= ABOUT THIS TASK =
Start to finish, return the listing below exactly, pictures excluded.

= INPUT DATA =

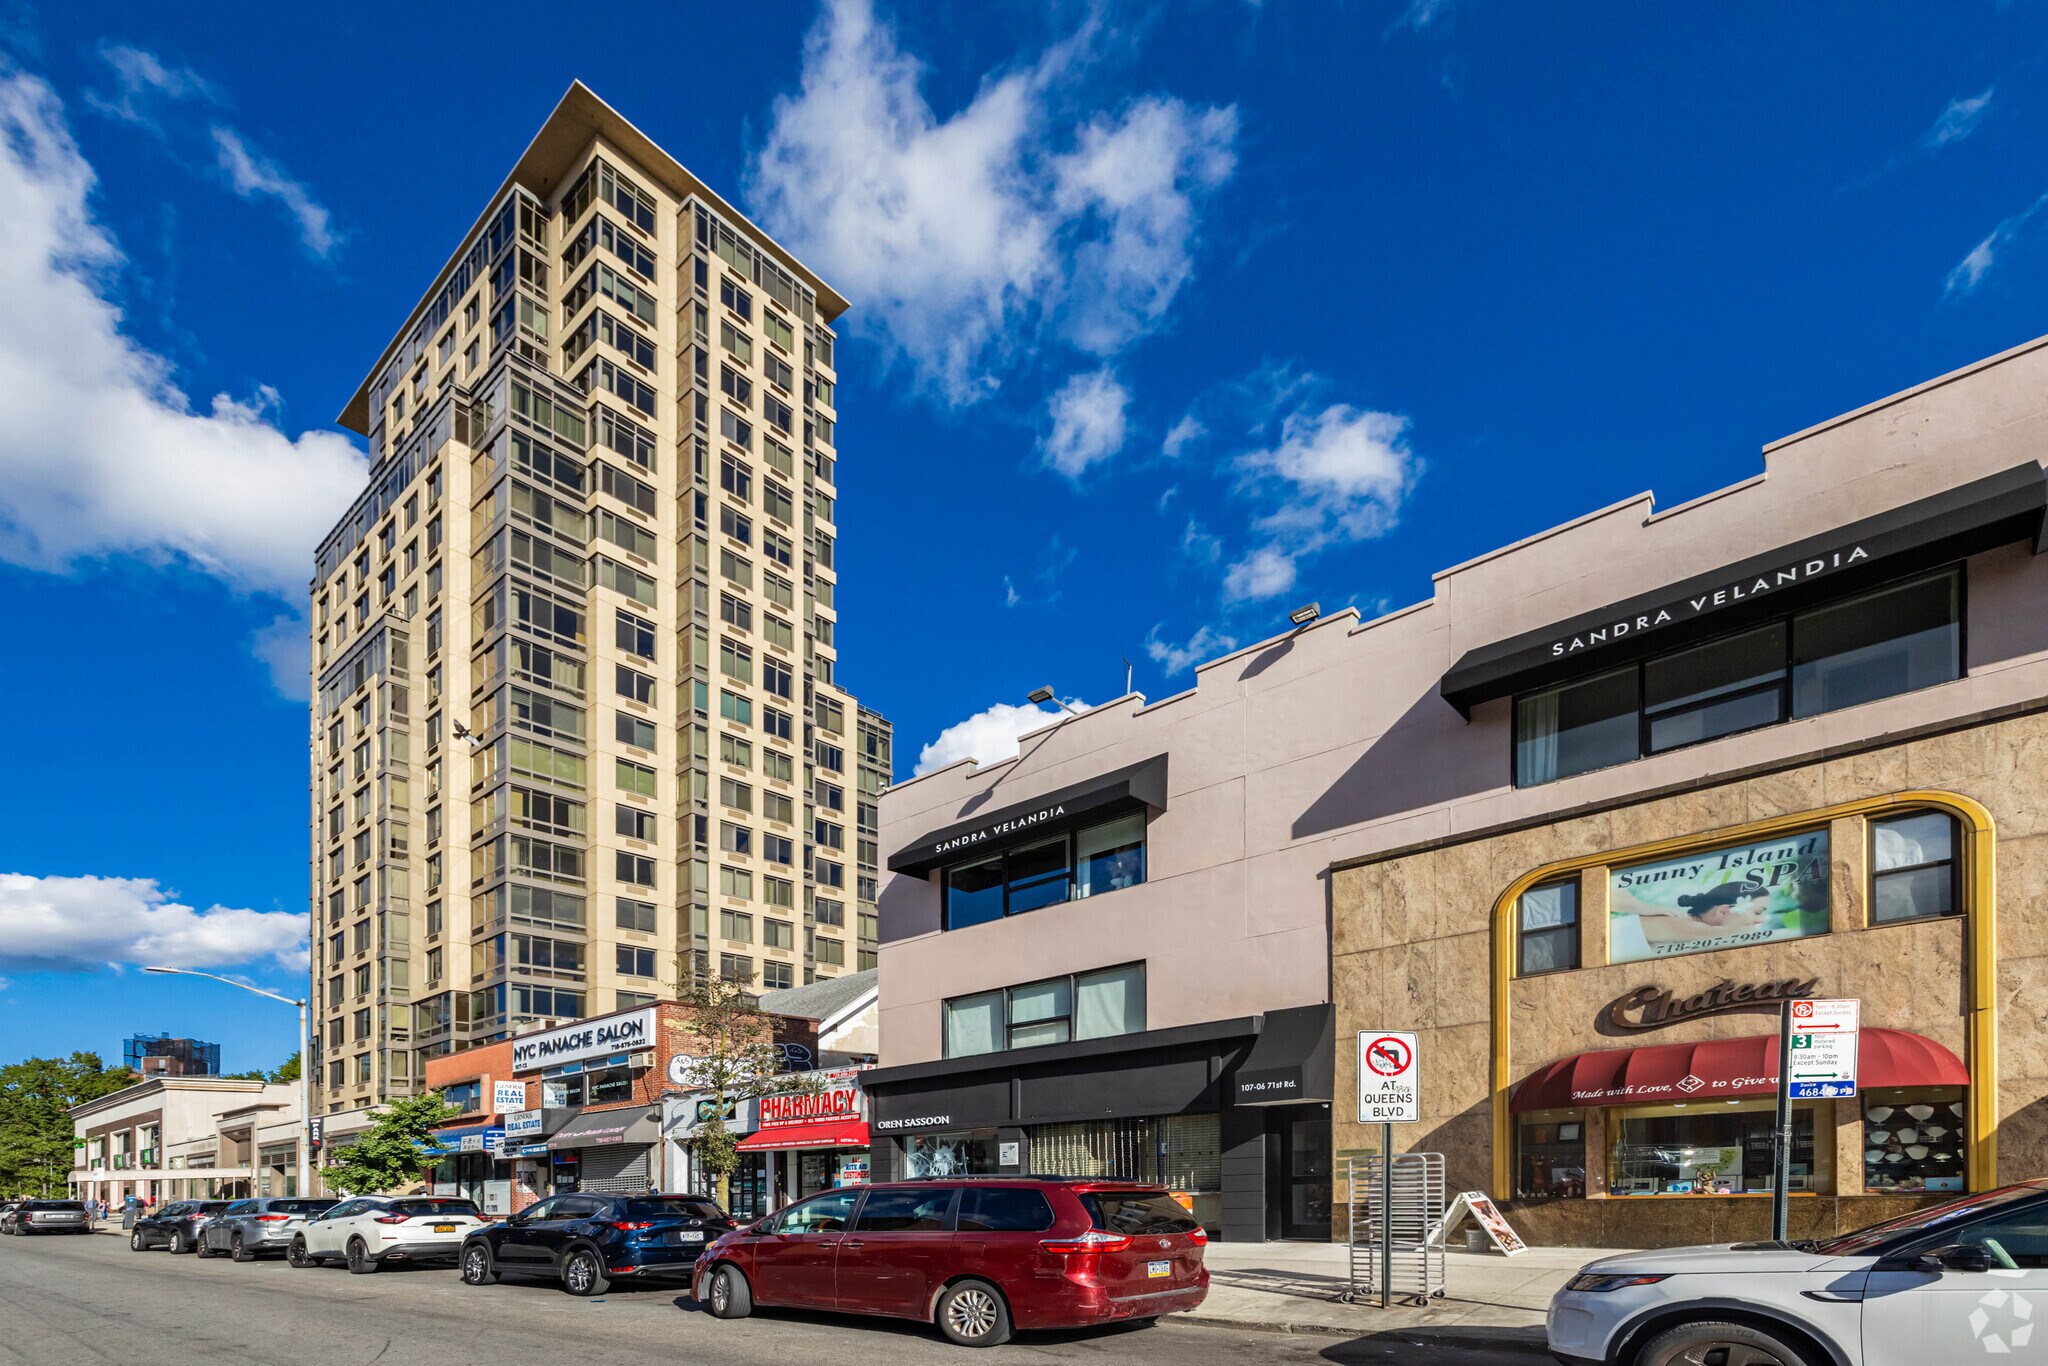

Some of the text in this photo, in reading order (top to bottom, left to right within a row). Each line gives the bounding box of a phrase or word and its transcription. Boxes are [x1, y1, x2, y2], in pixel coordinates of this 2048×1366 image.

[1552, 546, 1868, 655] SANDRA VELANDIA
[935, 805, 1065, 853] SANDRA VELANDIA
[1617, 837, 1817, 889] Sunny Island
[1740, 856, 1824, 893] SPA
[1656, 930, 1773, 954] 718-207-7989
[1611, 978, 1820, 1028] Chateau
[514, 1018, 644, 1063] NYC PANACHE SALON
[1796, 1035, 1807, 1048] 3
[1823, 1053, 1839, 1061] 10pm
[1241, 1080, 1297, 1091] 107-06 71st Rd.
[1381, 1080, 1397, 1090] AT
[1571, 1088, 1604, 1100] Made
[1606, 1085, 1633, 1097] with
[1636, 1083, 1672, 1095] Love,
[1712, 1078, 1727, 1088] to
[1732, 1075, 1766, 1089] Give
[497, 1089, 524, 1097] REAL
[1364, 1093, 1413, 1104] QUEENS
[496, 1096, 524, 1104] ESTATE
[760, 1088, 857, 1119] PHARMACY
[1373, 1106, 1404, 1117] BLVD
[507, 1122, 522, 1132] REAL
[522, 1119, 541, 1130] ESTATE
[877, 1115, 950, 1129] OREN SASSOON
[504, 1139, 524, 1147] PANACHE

= WORKED SOLUTION =
Some of the text in this photo, in reading order (top to bottom, left to right within a row). Each line gives the bounding box of a phrase or word and its transcription. Boxes are [x1, y1, x2, y2], in pixel coordinates of this 2048×1366 image.

[1552, 546, 1868, 655] SANDRA VELANDIA
[935, 805, 1065, 853] SANDRA VELANDIA
[1617, 837, 1817, 889] Sunny Island
[1740, 856, 1824, 893] SPA
[1656, 930, 1773, 954] 718-207-7989
[1611, 978, 1820, 1028] Chateau
[514, 1018, 644, 1063] NYC PANACHE SALON
[1796, 1035, 1807, 1048] 3
[1823, 1053, 1839, 1061] 10pm
[1241, 1080, 1297, 1091] 107-06 71st Rd.
[1381, 1080, 1397, 1090] AT
[1571, 1088, 1604, 1100] Made
[1606, 1085, 1633, 1097] with
[1636, 1083, 1672, 1095] Love,
[1712, 1078, 1727, 1088] to
[1732, 1075, 1766, 1089] Give
[497, 1089, 524, 1097] REAL
[1364, 1093, 1413, 1104] QUEENS
[496, 1096, 524, 1104] ESTATE
[760, 1088, 857, 1119] PHARMACY
[1373, 1106, 1404, 1117] BLVD
[507, 1122, 522, 1132] REAL
[522, 1119, 541, 1130] ESTATE
[877, 1115, 950, 1129] OREN SASSOON
[504, 1139, 524, 1147] PANACHE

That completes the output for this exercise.